Could you repeat the whole listing below exactly, omitting any picture it holds?

Source records section start

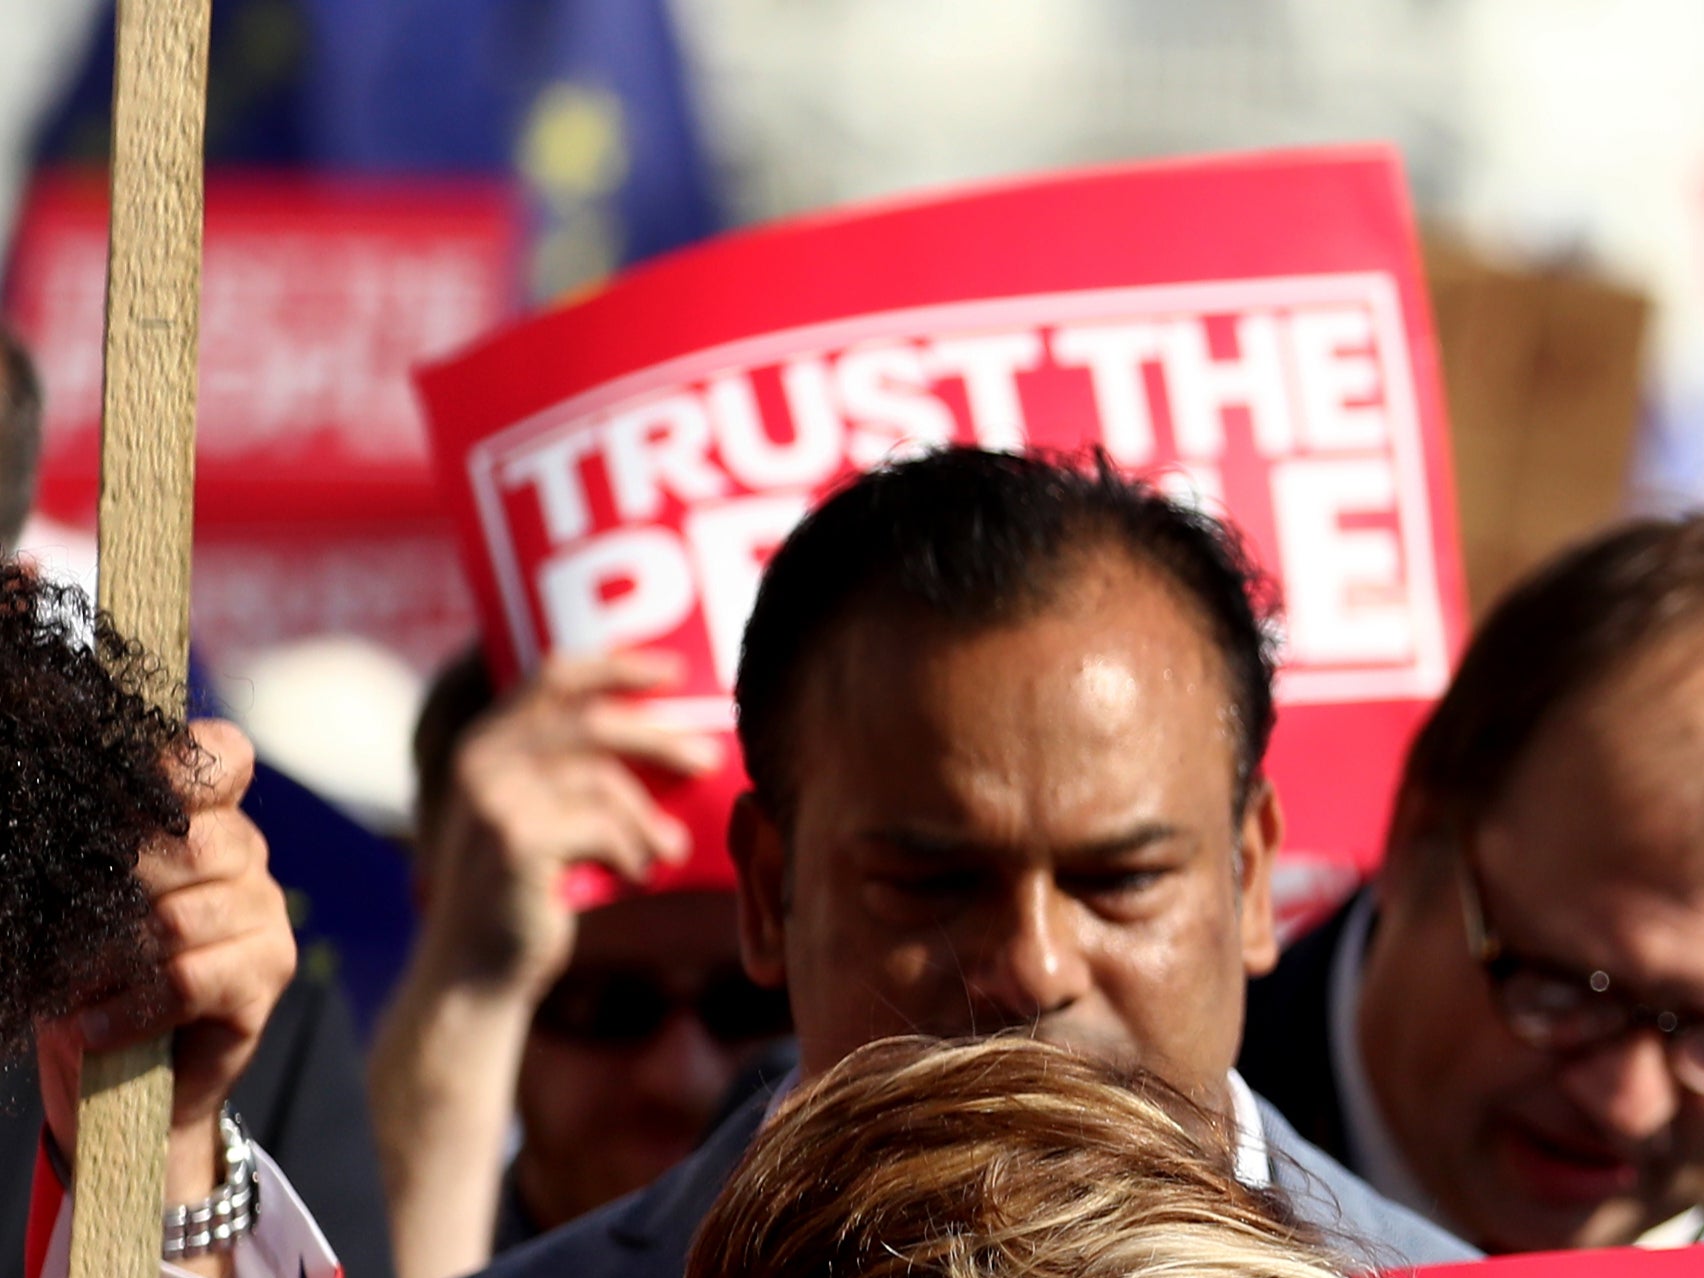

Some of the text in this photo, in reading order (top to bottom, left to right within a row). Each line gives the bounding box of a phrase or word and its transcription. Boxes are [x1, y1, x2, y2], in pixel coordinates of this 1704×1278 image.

[500, 330, 1043, 540] TRUST
[1054, 305, 1386, 464] THE
[535, 457, 1414, 690] PEE
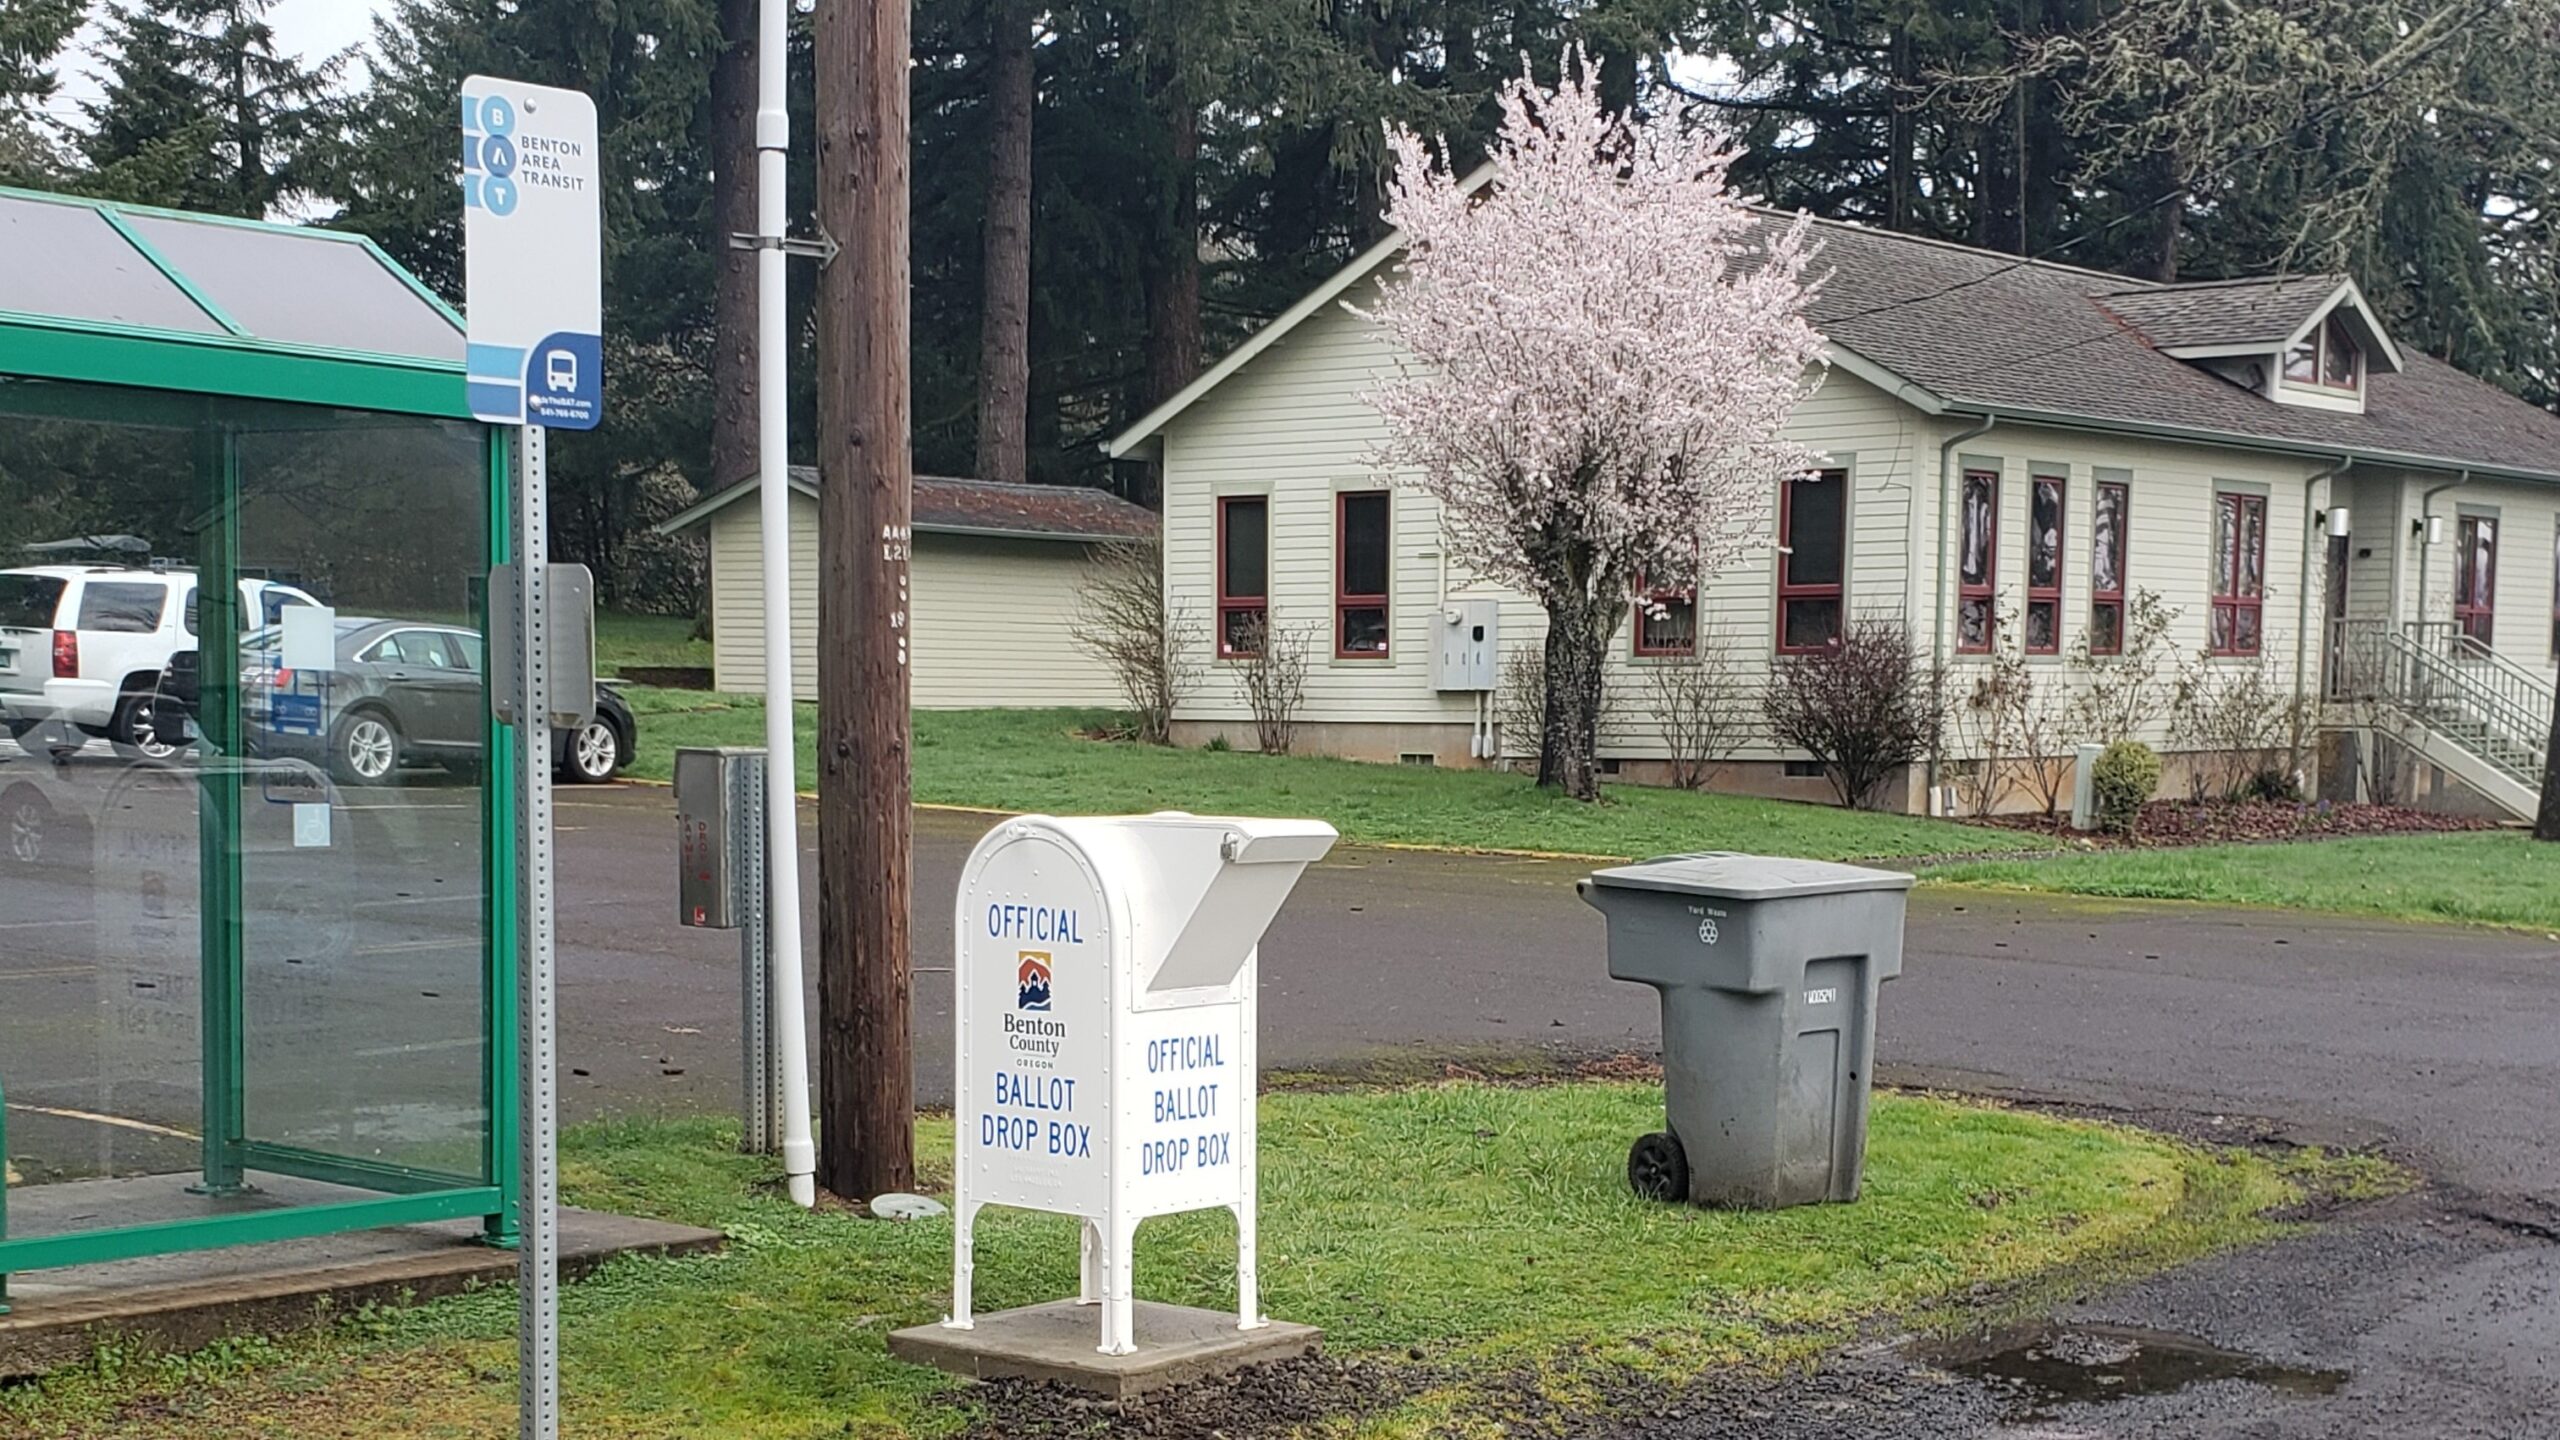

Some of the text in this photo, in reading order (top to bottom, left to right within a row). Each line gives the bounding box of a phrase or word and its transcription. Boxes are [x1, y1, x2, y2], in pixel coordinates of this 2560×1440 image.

Source records section end

* **Response area**
Some of the text in this photo, in reading order (top to bottom, left to right within a row). Each line gives the bounding box of a phrase or word and its transcription. Boxes are [x1, y1, x2, y2], in pixel coordinates of this 1704×1278 image.

[500, 330, 1043, 540] TRUST
[1054, 305, 1386, 464] THE
[535, 457, 1414, 690] PEE

Some of the text in this photo, in reading order (top to bottom, left to right within a row). Each line gives the bounding box of a phrase or word and its transcription. Boxes are [x1, y1, x2, y2], in pixel coordinates of this 2560×1440 image.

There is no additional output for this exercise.